From Wikipedia: O(|E| + |V| log|V|)

From Big O Cheat List: O((|V| + |E|) log |V|)

I consider there is a difference between E + V

Answer 1

The complexity of Dijkstra's shortest path algorithm is:

    O(|E| |decrease-key(Q)| + |V| |extract-min(Q)|)

where Q is the min-priority queue ordering vertices by their current distance estimate.

For both a Fibonacci heap and a binary heap, the complexity of the extract-min operation on this queue is O(log |V|). This explains the common |V| log |V| part in the sum. For a queue implemented with an unsorted array, the extract-min operation would have a complexity of O(|V|) (the whole queue has to be traversed) and this part of the sum would be O(|V|^2).

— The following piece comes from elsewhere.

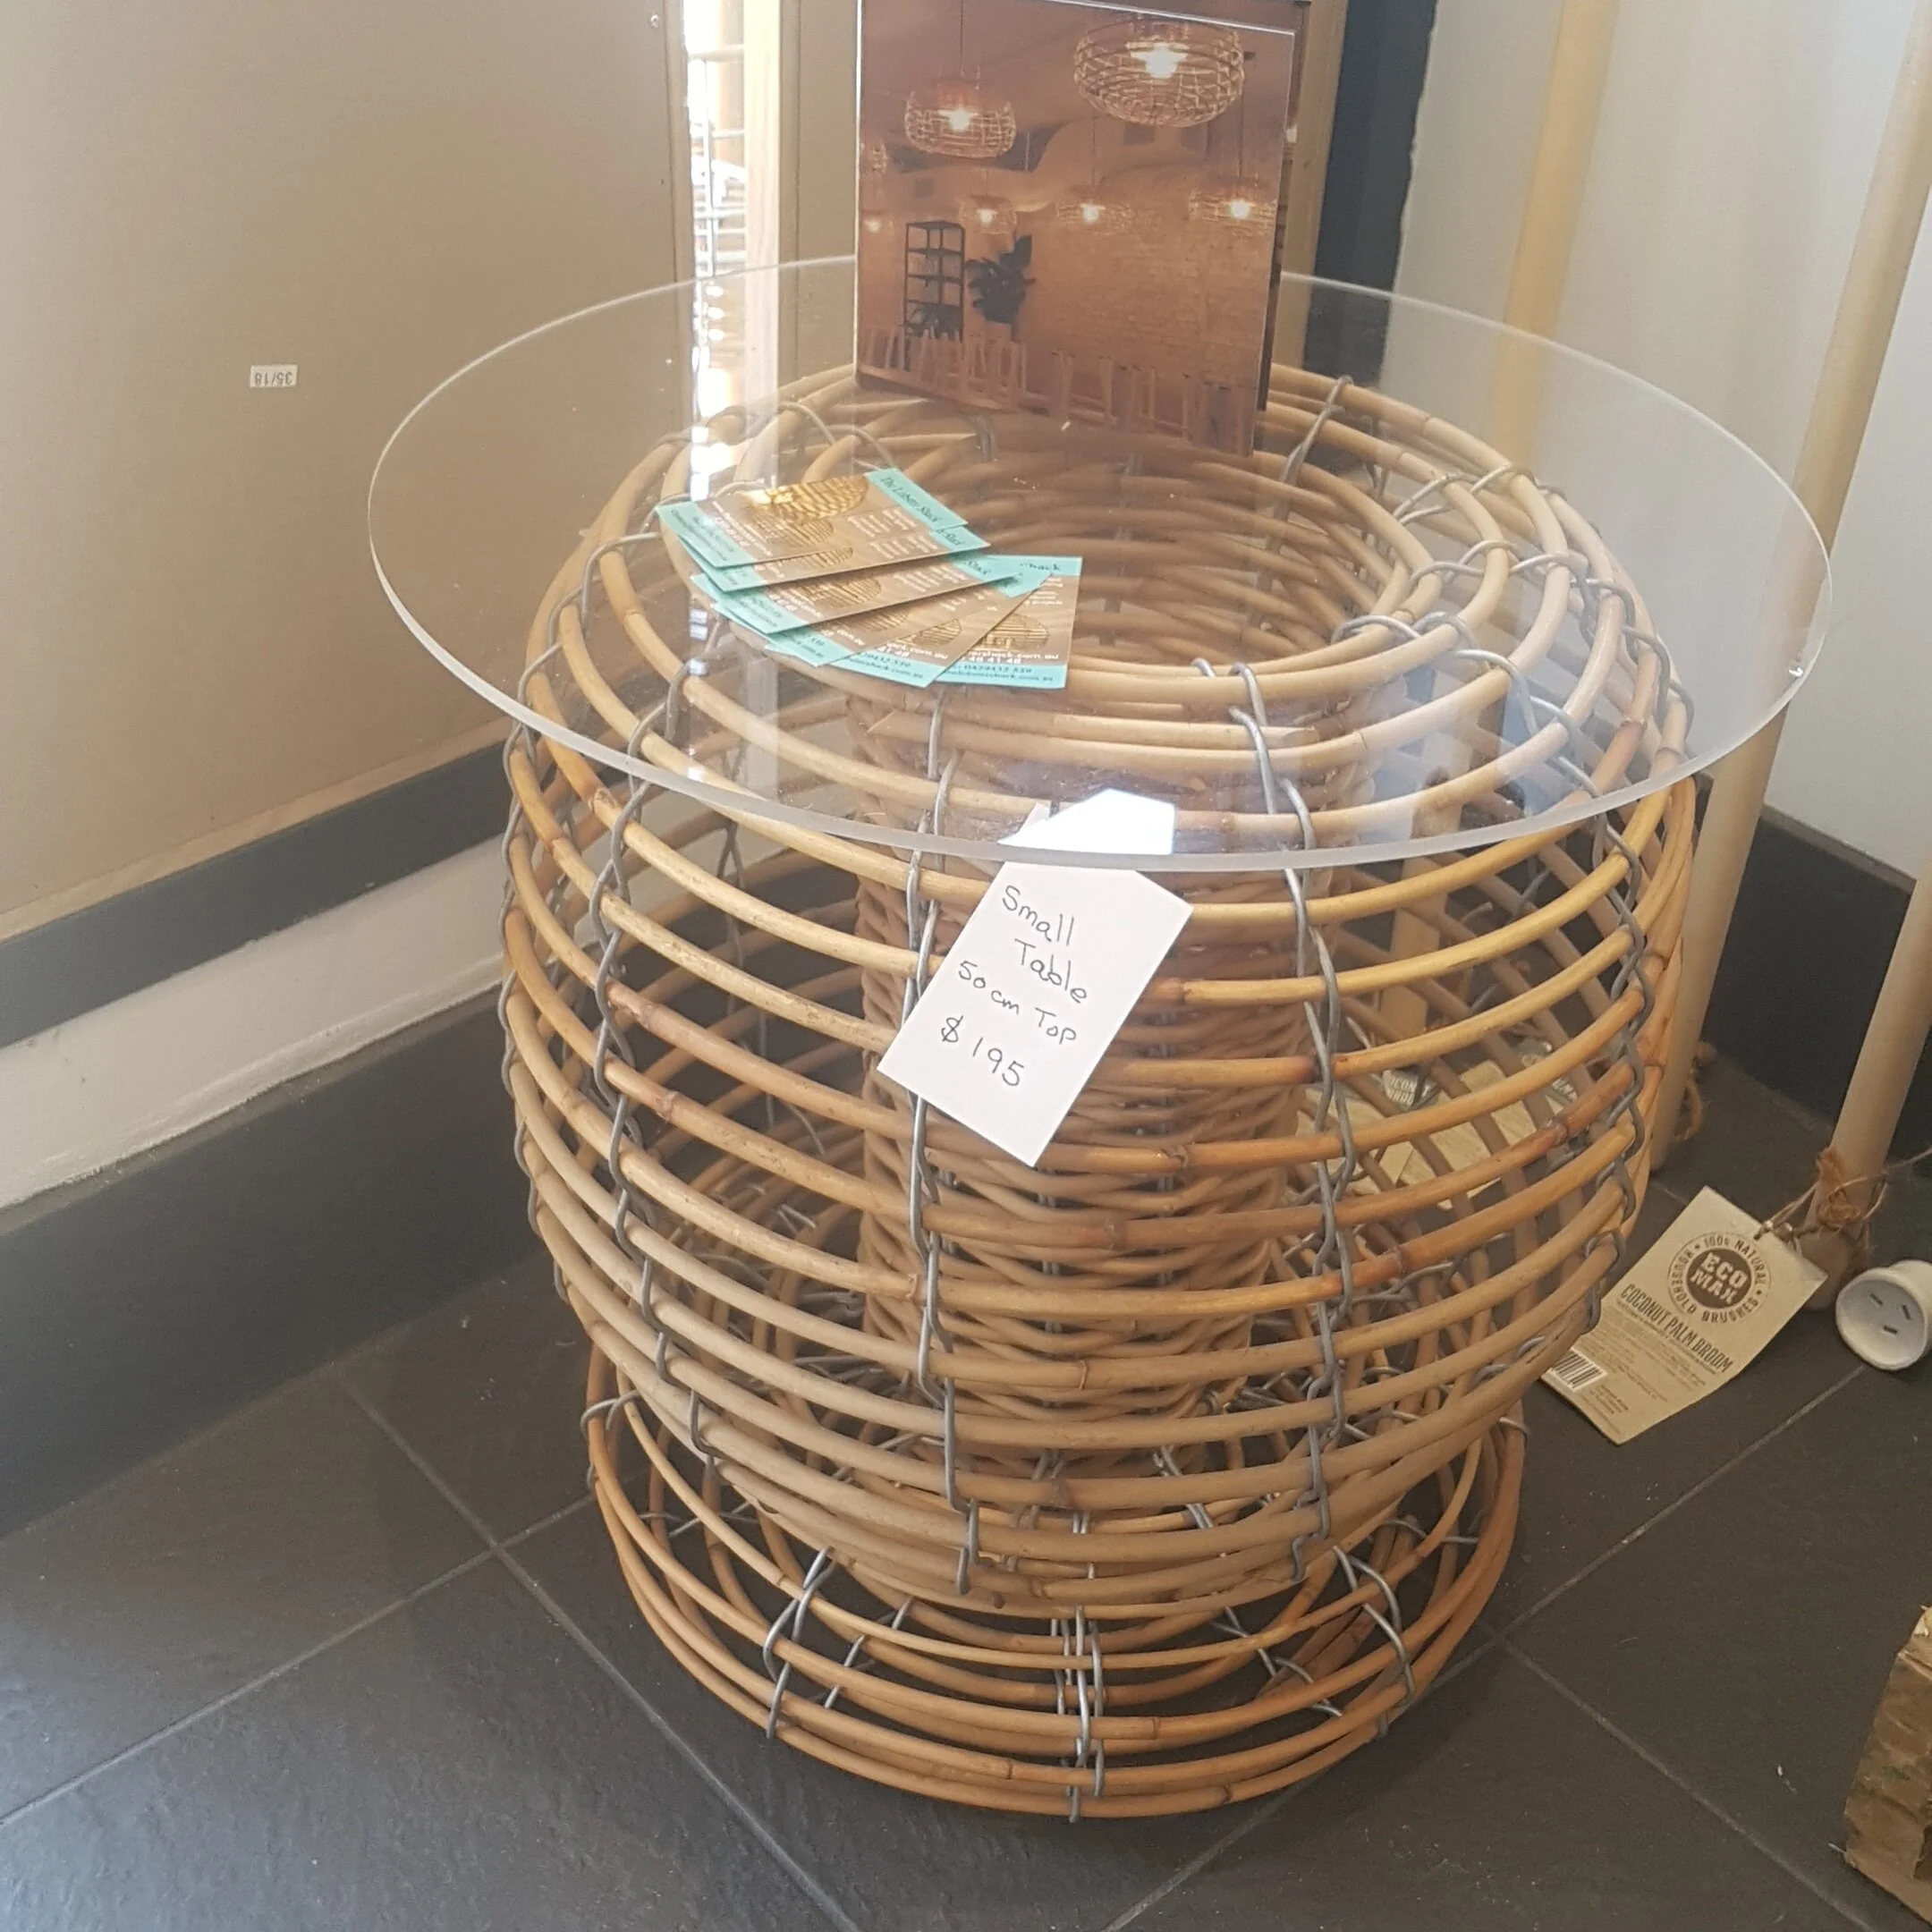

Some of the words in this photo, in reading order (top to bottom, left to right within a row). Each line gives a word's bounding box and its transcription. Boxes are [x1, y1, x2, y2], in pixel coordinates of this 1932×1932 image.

In the remaining part of the sum (the one with the edge factor |E|), the O(1) v.s. O(log |V|) difference comes precisely from using respectively a Fibonacci heap as opposed to a binary heap. The decrease key operation which may happen for every edge has exactly this complexity. So the remaining part of the sum eventually has complexity O(|E|) for a Fibonacci heap and O(|E| log |V|) for a binary heap. For a queue implemented with an unsorted array, the decrease-key operation would have a constant-time complexity (the queue directly stores the keys indexed by the vertices) and this part of the sum would thus be O(|E|), which is also O(|V|^2).

To summarize:

• Fibonacci heap: O(|E| + |V| log |V|)
• binary heap: O((|E| + |V|) log |V|)
• unsorted array: O(|V|^2)

Since, in the general case |E| = O(|V|^2), these can't be simplified further without making further assumptions on the kind of graphs dealt with.